Value Judgment at the $40 Price Point
At $39.99, this sits in an interesting niche. Below it, you mostly find:
- Plastic magnetic sets with cramped boards
- Very small wooden sets with tiny pieces
- Larger, heavier wooden boards without magnets
- Nicer veneers and heavier weighted pieces
You’re paying for versatility: a real-feeling board that can travel. You’re not paying for heirloom-grade wood, tournament-perfect proportions, or ornate craftsmanship. As long as your expectations line up with that, the price makes sense.
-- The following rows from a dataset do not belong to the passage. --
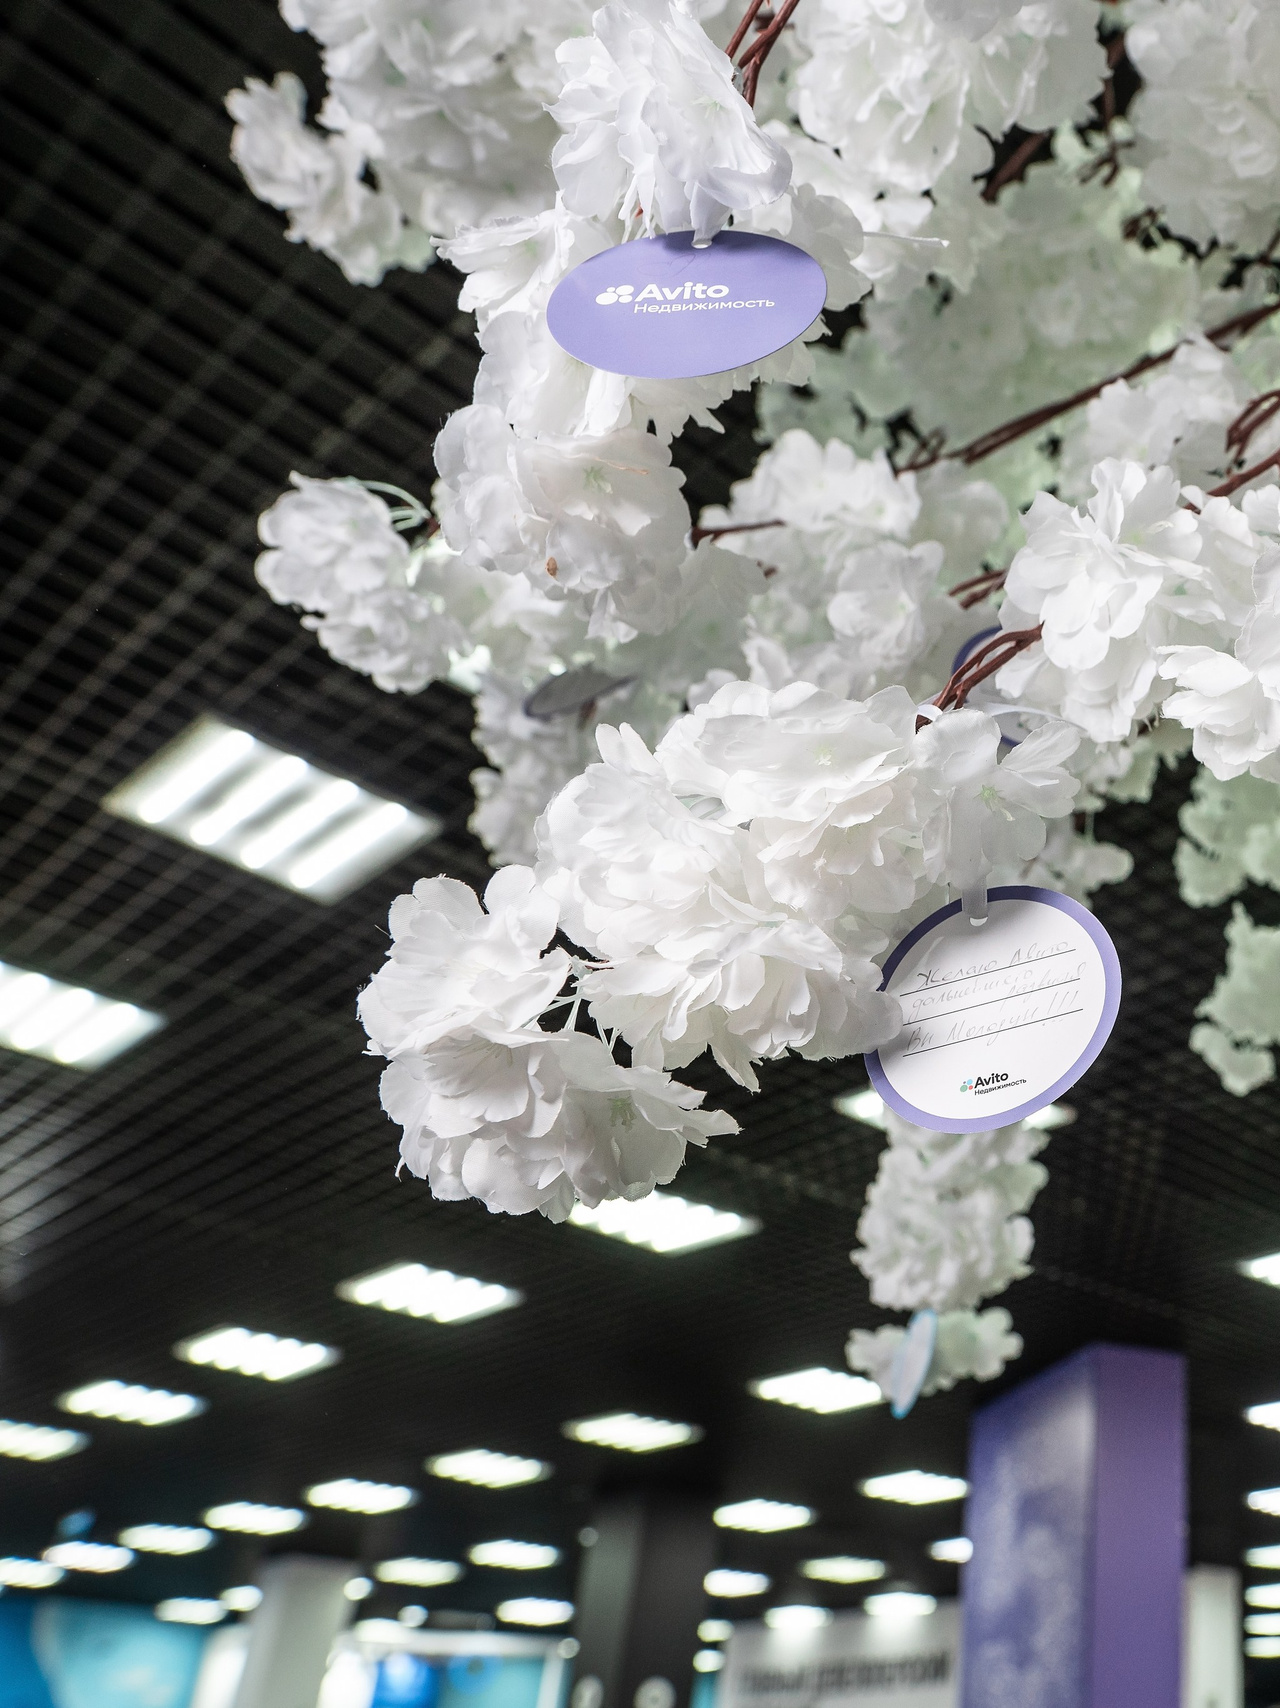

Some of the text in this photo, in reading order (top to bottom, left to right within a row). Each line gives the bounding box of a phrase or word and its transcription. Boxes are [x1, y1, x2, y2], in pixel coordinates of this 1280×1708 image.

[635, 281, 730, 302] Avito
[633, 298, 775, 314] Недвижимость
[917, 960, 998, 989] Желаю
[974, 1071, 1009, 1089] Avito
[974, 1078, 1027, 1096] Недвижимость
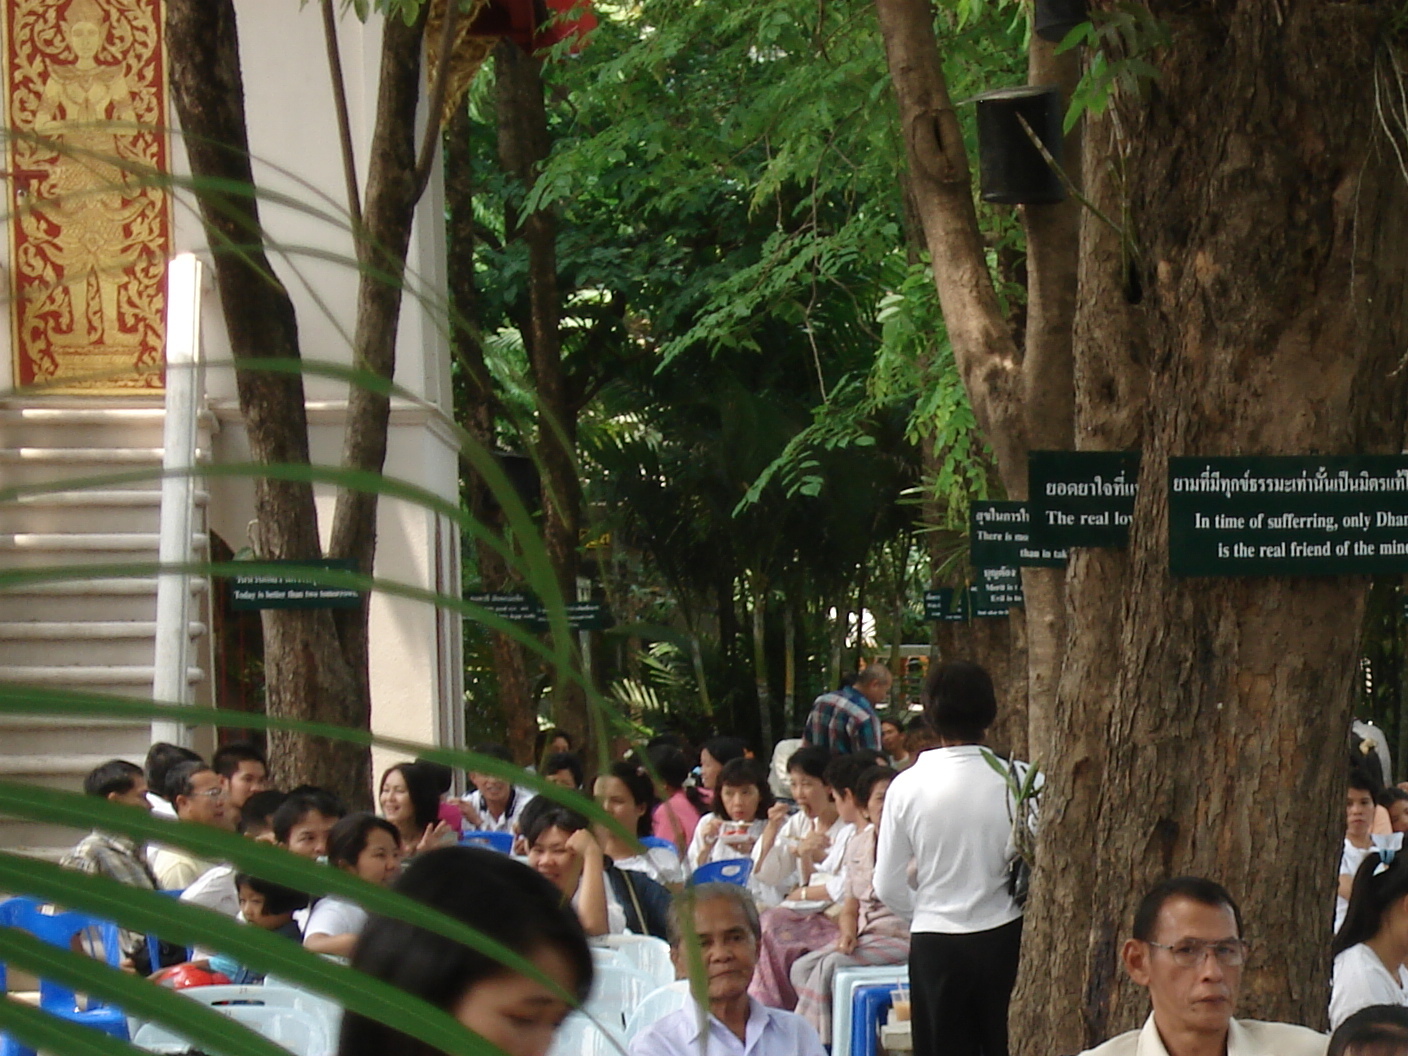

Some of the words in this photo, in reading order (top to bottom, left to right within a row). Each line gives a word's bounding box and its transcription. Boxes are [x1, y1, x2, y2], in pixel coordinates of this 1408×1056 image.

[1045, 510, 1074, 526] The
[1080, 510, 1109, 526] real
[1115, 510, 1135, 526] lov
[1195, 512, 1210, 529] In
[1215, 513, 1245, 529] time
[1249, 512, 1265, 529] of
[1267, 512, 1339, 533] sufferring,
[1342, 511, 1372, 532] only
[977, 530, 1003, 542] There
[1014, 533, 1030, 542] mo
[1053, 549, 1068, 559] tak
[1218, 542, 1230, 558] is
[1233, 541, 1256, 558] the
[1259, 541, 1286, 558] real
[1290, 541, 1331, 557] friend
[1335, 540, 1351, 557] of
[1354, 540, 1376, 556] the
[234, 590, 256, 600] Today
[266, 590, 286, 599] better
[288, 590, 304, 599] than
[305, 590, 318, 599] two
If your use case is primarily decorative—a coffee-table showpiece that gets occasional use—you might prefer a non-magnetic solid wood set with fancier grain. If your use case is hardcore tournament preparation, you’ll want regulation-weighted pieces and a 20-inch board. Everyone in between—families, casual adults, club players who want a portable analysis board—will get a lot of mileage from this set.
Who This Set Really Suits (Without Calling It That)
After a few weeks of rotation, the pattern was clear: this became the go-to set for people who wanted to actually play, not just admire. It lived in an office drawer, rode in backpacks, and came out for family game night without anyone worrying about babying it.
If you want a durable wooden chess set that:
- Feels substantial but isn’t too big to travel
- Uses strong magnets that genuinely help in real-world use
- Lets kids and adults play without constant piece mishaps
If you’re dreaming of an heirloom showpiece or a strictly regulation tournament kit, you should look higher up the price ladder. But as a practical, good-looking, and genuinely portable wooden chess set under $40, it hits a very appealing balance that impressed more than one skeptic on our testing team.